Stored data |
=======

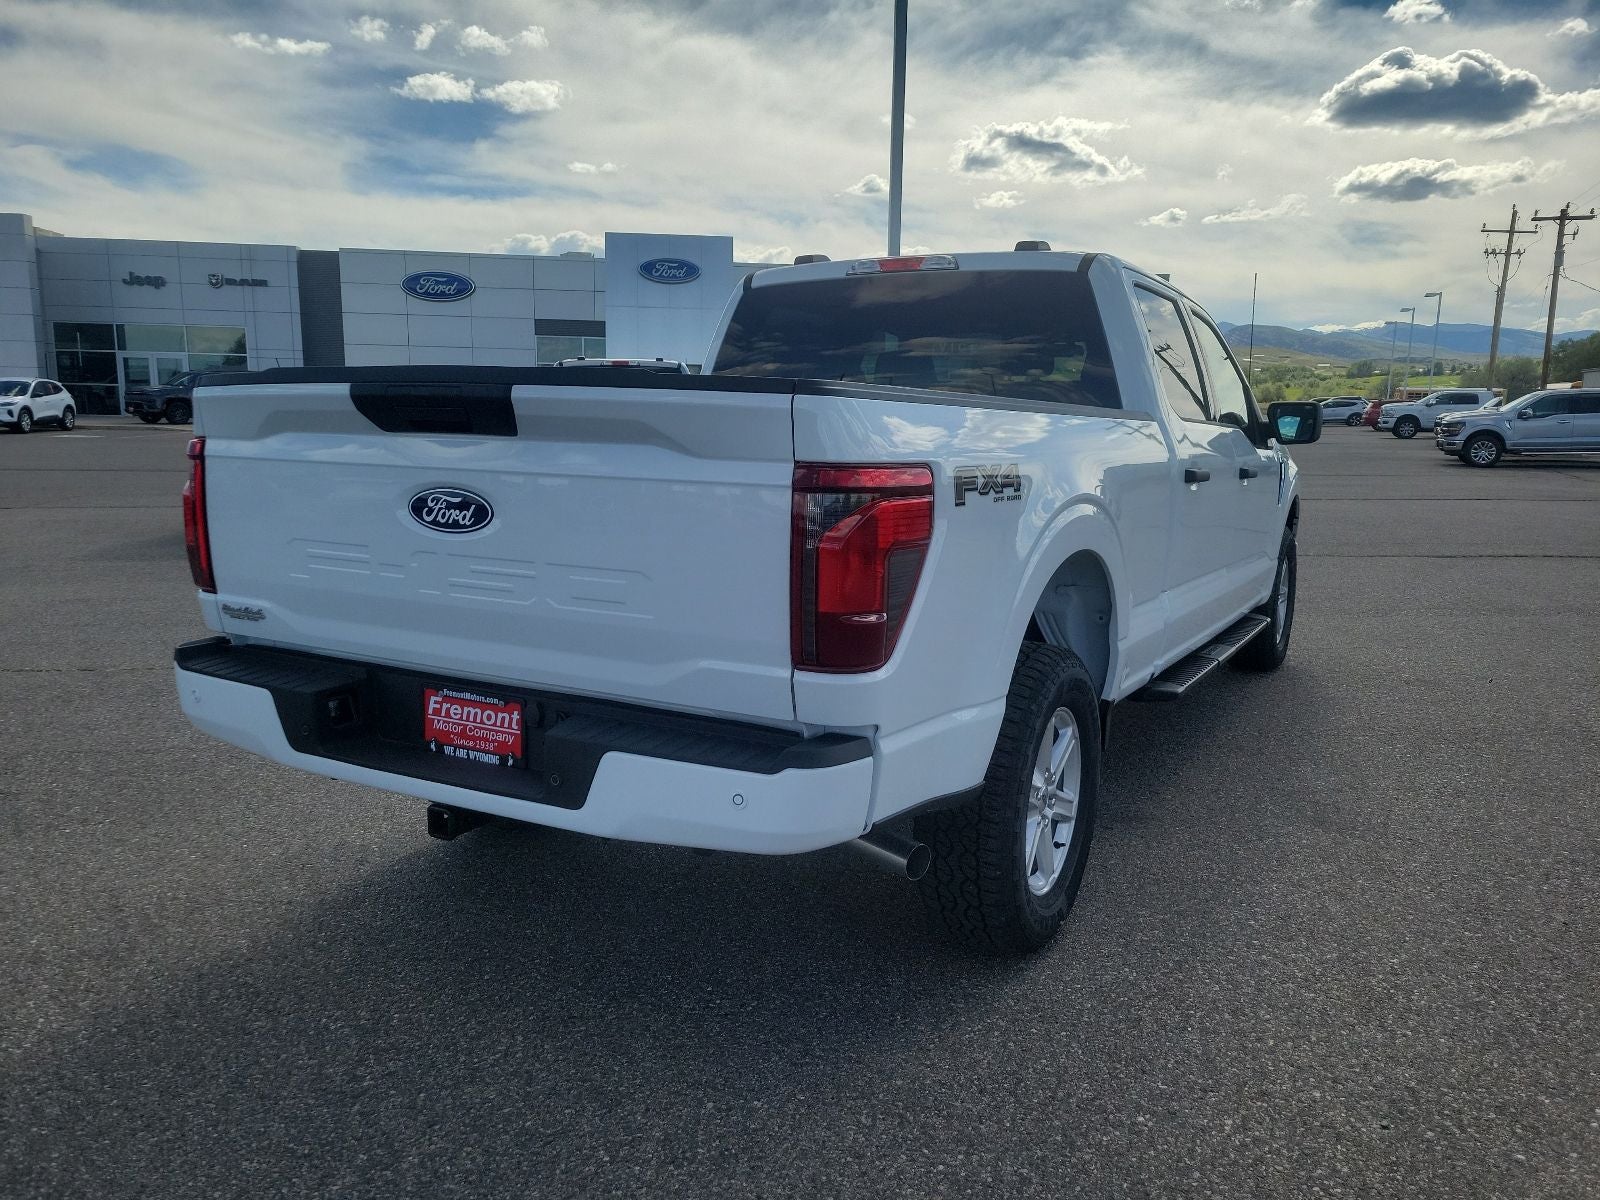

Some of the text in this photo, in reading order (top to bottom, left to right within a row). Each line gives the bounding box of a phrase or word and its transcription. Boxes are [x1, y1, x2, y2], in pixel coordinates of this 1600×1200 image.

[652, 261, 688, 278] Ford
[122, 271, 167, 289] Jeep
[416, 276, 458, 294] Ford
[953, 463, 1022, 507] FX4
[1006, 494, 1022, 502] ROAD
[422, 494, 476, 526] Ford
[428, 695, 520, 730] Fremont
[433, 719, 515, 745] Motor Company
[444, 745, 500, 765] WE ARE WYOMING

=======

Copy every line above exactly, leaving no picture in the copy.

Some of the text in this photo, in reading order (top to bottom, left to right within a row). Each line gives the bounding box of a phrase or word and its transcription. Boxes are [x1, y1, x2, y2], in pixel coordinates of this 1600×1200 image.

[652, 261, 688, 278] Ford
[122, 271, 167, 289] Jeep
[416, 276, 458, 294] Ford
[953, 463, 1022, 507] FX4
[1006, 494, 1022, 502] ROAD
[422, 494, 476, 526] Ford
[428, 695, 520, 730] Fremont
[433, 719, 515, 745] Motor Company
[444, 745, 500, 765] WE ARE WYOMING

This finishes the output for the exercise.